BEGIN Records for this task
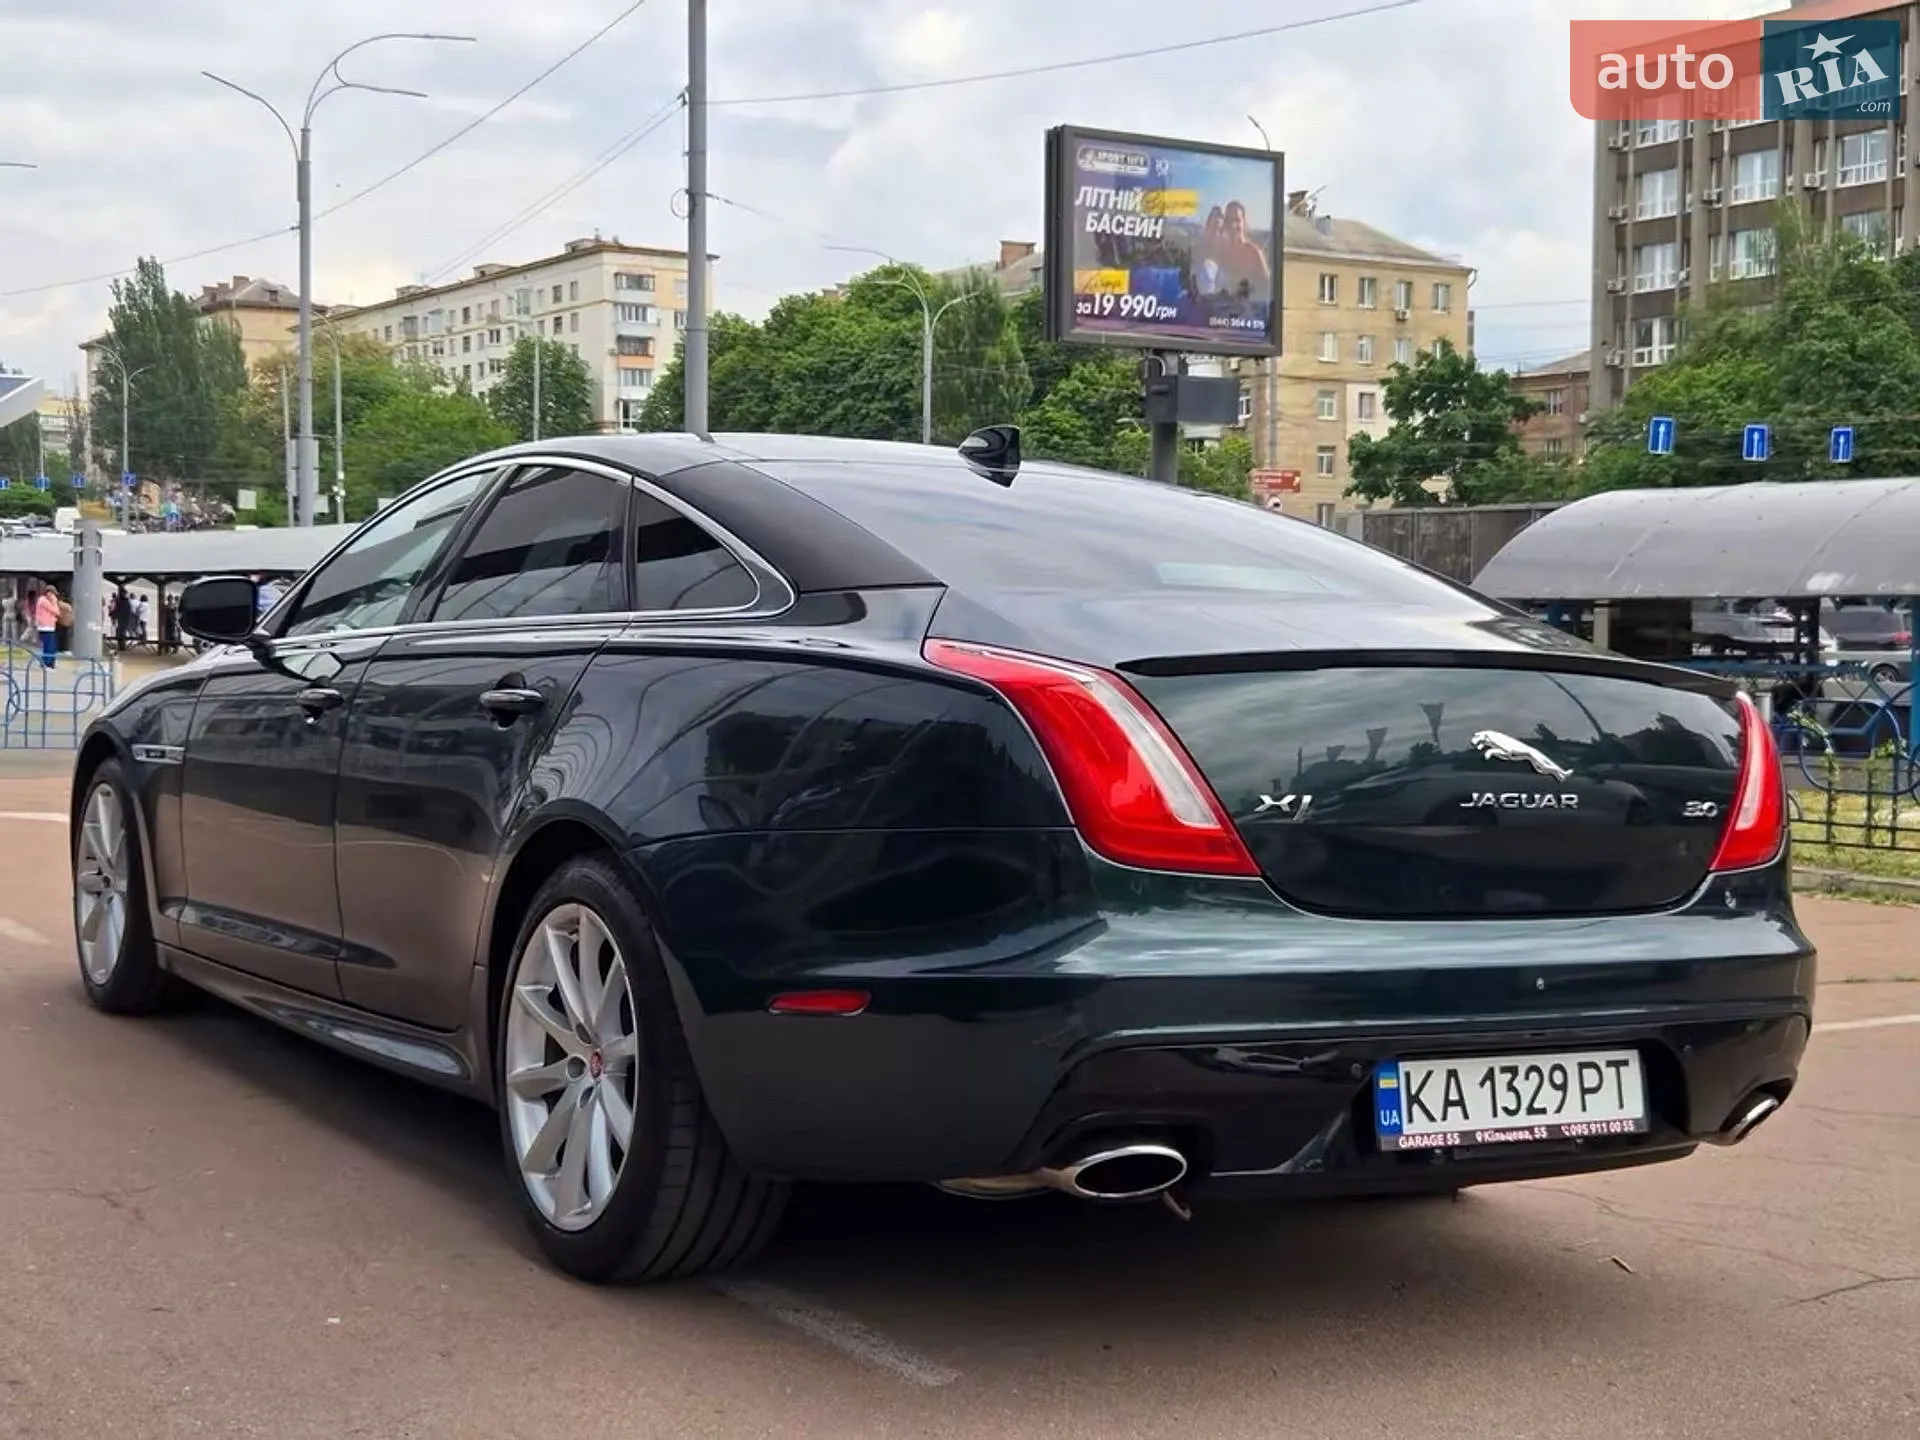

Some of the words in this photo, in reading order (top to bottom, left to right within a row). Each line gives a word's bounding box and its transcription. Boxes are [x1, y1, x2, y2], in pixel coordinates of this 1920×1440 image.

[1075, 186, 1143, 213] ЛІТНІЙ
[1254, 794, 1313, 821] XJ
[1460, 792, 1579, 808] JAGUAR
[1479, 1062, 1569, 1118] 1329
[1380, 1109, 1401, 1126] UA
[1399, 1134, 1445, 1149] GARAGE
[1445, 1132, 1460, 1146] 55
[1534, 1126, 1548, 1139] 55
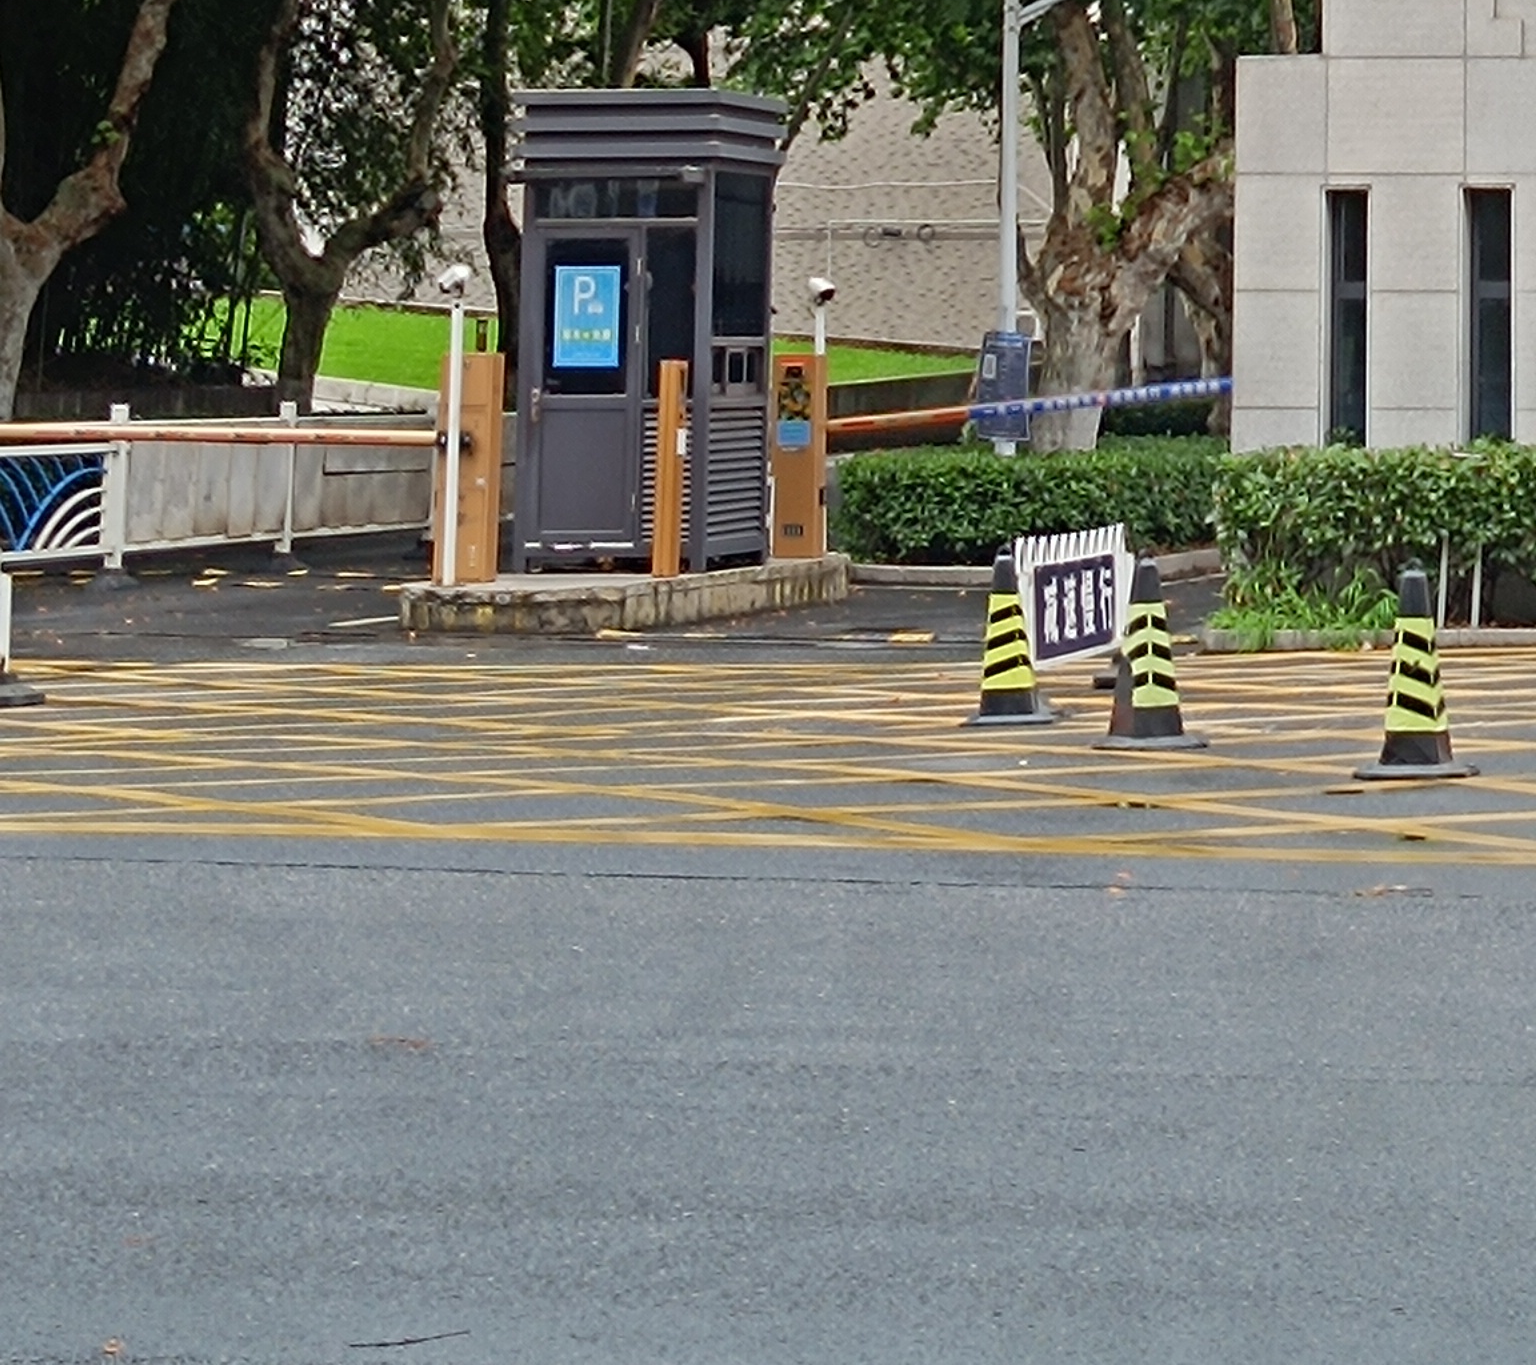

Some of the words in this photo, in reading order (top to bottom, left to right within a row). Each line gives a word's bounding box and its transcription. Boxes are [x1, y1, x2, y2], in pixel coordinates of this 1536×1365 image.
END Records for this task
▸ Work required:
Return the records above exactly as written, but without any of the pictures.

▸ Problem solution:
Some of the words in this photo, in reading order (top to bottom, left to right within a row). Each line gives a word's bounding box and its transcription. Boxes are [x1, y1, x2, y2], in pixel coordinates of this 1920×1440 image.

[1075, 186, 1143, 213] ЛІТНІЙ
[1254, 794, 1313, 821] XJ
[1460, 792, 1579, 808] JAGUAR
[1479, 1062, 1569, 1118] 1329
[1380, 1109, 1401, 1126] UA
[1399, 1134, 1445, 1149] GARAGE
[1445, 1132, 1460, 1146] 55
[1534, 1126, 1548, 1139] 55

Some of the words in this photo, in reading order (top to bottom, left to right within a row). Each line gives a word's bounding box and its transcription. Boxes are [x1, y1, x2, y2], in pixel coordinates of this 1536×1365 image.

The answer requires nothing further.